Task prompt |
The line containing "this 1333×1334 image." and every line after it, through the last one below: output exactly these and nothing else.
++++++++++
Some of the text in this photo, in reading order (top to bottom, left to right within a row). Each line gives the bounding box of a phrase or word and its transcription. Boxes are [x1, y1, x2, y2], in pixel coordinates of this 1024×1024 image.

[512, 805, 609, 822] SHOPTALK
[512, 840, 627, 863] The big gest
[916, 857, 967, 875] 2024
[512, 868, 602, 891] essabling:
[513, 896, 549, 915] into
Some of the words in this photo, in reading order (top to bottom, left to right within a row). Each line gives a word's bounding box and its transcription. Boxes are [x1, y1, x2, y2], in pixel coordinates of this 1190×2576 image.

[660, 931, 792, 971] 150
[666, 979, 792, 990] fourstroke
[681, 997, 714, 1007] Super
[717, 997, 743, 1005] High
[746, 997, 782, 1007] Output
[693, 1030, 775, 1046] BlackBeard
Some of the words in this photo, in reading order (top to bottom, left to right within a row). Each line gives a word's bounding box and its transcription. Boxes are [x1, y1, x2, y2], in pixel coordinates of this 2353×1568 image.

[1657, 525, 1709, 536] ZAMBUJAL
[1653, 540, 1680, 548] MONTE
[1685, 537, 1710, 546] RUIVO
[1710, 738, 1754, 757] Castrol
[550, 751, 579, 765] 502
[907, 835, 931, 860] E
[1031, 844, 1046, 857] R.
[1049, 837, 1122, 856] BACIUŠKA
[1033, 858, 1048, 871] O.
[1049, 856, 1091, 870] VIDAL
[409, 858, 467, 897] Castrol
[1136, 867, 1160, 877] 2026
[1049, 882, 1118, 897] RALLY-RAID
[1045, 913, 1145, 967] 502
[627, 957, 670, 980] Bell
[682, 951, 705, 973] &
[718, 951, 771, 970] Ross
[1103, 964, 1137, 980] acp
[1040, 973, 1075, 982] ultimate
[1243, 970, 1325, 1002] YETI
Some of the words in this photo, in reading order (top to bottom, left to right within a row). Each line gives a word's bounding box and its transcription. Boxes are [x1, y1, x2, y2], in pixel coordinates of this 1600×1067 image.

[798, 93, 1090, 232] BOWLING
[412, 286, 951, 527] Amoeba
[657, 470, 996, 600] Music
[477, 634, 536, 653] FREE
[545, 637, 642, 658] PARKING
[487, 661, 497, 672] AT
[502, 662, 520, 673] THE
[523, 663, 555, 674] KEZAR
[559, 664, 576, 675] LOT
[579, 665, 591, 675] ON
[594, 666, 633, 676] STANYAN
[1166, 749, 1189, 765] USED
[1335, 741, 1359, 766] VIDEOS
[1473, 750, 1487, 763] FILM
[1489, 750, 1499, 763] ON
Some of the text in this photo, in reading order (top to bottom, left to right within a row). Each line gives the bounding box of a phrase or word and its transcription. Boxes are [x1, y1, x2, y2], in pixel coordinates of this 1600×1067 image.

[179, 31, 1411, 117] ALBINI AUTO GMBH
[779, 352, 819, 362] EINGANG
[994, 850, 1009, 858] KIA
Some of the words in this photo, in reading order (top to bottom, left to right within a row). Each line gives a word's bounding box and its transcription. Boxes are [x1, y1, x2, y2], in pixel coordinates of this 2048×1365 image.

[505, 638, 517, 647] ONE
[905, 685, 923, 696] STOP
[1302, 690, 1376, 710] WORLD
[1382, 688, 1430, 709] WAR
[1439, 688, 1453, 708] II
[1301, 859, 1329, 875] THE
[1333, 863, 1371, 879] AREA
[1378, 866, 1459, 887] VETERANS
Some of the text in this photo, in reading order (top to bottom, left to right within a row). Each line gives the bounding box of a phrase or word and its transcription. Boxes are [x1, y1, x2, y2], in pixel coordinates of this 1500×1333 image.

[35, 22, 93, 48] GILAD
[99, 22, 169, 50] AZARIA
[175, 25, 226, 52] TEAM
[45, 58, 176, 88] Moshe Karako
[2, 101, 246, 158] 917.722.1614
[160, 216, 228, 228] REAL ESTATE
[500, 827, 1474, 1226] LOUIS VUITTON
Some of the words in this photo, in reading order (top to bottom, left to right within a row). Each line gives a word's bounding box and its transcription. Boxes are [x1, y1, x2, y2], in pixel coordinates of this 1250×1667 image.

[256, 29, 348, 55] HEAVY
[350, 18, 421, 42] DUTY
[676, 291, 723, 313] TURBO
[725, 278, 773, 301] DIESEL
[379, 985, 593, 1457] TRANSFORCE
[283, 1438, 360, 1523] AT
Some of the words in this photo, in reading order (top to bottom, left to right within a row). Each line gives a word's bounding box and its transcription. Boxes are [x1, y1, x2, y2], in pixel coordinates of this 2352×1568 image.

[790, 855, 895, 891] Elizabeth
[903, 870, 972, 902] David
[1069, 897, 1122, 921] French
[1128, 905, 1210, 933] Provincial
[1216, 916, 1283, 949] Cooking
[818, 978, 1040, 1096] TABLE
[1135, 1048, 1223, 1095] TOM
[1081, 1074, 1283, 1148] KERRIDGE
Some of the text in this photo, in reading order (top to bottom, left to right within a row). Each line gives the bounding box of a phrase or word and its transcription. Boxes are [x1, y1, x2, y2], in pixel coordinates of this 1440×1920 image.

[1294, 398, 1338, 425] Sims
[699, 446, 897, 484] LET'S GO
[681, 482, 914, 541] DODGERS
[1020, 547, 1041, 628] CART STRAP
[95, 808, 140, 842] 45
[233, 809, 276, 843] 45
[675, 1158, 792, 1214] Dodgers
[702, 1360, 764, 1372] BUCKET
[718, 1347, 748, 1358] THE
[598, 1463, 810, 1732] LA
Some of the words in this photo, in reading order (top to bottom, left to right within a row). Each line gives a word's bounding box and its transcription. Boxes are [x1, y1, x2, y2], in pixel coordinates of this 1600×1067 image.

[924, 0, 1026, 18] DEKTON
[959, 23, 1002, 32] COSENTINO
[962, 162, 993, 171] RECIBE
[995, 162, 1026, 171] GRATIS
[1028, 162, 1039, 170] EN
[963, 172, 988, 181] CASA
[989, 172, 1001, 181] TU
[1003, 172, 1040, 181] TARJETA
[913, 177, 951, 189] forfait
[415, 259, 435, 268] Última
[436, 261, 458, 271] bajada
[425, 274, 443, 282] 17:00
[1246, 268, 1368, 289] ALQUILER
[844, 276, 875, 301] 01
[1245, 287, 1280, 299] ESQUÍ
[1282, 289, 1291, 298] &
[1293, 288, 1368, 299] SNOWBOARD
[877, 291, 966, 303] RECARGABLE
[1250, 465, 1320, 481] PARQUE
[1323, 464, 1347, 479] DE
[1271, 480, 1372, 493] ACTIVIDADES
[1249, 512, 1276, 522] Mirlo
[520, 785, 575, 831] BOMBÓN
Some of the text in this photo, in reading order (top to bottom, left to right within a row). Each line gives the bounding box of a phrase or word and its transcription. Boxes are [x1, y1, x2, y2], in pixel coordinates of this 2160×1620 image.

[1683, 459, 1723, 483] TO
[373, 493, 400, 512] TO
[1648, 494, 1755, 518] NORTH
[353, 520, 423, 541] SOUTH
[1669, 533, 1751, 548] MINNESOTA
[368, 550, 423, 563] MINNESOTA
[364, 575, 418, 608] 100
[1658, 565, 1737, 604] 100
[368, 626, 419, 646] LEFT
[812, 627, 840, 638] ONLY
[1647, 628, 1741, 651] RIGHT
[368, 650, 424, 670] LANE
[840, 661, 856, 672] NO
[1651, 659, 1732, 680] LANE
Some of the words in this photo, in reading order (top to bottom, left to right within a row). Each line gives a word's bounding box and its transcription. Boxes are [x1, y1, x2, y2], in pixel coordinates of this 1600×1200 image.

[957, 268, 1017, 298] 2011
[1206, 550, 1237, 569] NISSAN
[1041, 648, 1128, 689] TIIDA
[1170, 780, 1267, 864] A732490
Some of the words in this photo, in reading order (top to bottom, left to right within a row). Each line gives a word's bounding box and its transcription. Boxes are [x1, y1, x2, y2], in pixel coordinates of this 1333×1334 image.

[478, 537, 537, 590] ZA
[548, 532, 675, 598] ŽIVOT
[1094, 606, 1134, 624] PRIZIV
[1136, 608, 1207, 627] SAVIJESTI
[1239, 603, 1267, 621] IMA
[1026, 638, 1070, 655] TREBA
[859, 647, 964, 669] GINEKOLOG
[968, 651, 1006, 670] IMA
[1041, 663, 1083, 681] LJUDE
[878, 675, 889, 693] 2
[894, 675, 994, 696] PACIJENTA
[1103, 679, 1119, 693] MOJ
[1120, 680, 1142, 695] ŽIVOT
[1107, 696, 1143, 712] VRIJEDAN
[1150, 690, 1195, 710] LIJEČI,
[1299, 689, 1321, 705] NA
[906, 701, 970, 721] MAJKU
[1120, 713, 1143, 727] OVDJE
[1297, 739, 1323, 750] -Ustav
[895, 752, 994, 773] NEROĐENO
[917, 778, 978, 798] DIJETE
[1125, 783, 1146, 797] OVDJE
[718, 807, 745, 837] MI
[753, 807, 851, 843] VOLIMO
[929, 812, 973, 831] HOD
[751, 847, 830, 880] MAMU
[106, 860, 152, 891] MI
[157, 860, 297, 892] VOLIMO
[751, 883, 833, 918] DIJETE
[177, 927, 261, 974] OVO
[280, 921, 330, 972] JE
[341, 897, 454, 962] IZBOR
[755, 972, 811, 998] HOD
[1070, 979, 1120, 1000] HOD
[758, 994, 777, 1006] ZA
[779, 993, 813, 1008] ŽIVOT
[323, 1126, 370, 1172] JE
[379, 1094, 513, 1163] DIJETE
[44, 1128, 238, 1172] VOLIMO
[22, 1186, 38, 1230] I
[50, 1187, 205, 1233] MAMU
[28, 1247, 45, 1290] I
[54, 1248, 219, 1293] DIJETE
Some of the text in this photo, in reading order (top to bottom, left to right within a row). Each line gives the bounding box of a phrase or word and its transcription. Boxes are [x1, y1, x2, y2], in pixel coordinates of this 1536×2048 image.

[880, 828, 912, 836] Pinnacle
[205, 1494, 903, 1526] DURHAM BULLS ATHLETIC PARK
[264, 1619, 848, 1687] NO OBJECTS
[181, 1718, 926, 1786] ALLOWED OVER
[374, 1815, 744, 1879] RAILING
++++++++++
Your solution |
Some of the words in this photo, in reading order (top to bottom, left to right within a row). Each line gives a word's bounding box and its transcription. Boxes are [x1, y1, x2, y2], in pixel coordinates of this 1333×1334 image.

[478, 537, 537, 590] ZA
[548, 532, 675, 598] ŽIVOT
[1094, 606, 1134, 624] PRIZIV
[1136, 608, 1207, 627] SAVIJESTI
[1239, 603, 1267, 621] IMA
[1026, 638, 1070, 655] TREBA
[859, 647, 964, 669] GINEKOLOG
[968, 651, 1006, 670] IMA
[1041, 663, 1083, 681] LJUDE
[878, 675, 889, 693] 2
[894, 675, 994, 696] PACIJENTA
[1103, 679, 1119, 693] MOJ
[1120, 680, 1142, 695] ŽIVOT
[1107, 696, 1143, 712] VRIJEDAN
[1150, 690, 1195, 710] LIJEČI,
[1299, 689, 1321, 705] NA
[906, 701, 970, 721] MAJKU
[1120, 713, 1143, 727] OVDJE
[1297, 739, 1323, 750] -Ustav
[895, 752, 994, 773] NEROĐENO
[917, 778, 978, 798] DIJETE
[1125, 783, 1146, 797] OVDJE
[718, 807, 745, 837] MI
[753, 807, 851, 843] VOLIMO
[929, 812, 973, 831] HOD
[751, 847, 830, 880] MAMU
[106, 860, 152, 891] MI
[157, 860, 297, 892] VOLIMO
[751, 883, 833, 918] DIJETE
[177, 927, 261, 974] OVO
[280, 921, 330, 972] JE
[341, 897, 454, 962] IZBOR
[755, 972, 811, 998] HOD
[1070, 979, 1120, 1000] HOD
[758, 994, 777, 1006] ZA
[779, 993, 813, 1008] ŽIVOT
[323, 1126, 370, 1172] JE
[379, 1094, 513, 1163] DIJETE
[44, 1128, 238, 1172] VOLIMO
[22, 1186, 38, 1230] I
[50, 1187, 205, 1233] MAMU
[28, 1247, 45, 1290] I
[54, 1248, 219, 1293] DIJETE
Some of the text in this photo, in reading order (top to bottom, left to right within a row). Each line gives the bounding box of a phrase or word and its transcription. Boxes are [x1, y1, x2, y2], in pixel coordinates of this 1536×2048 image.

[880, 828, 912, 836] Pinnacle
[205, 1494, 903, 1526] DURHAM BULLS ATHLETIC PARK
[264, 1619, 848, 1687] NO OBJECTS
[181, 1718, 926, 1786] ALLOWED OVER
[374, 1815, 744, 1879] RAILING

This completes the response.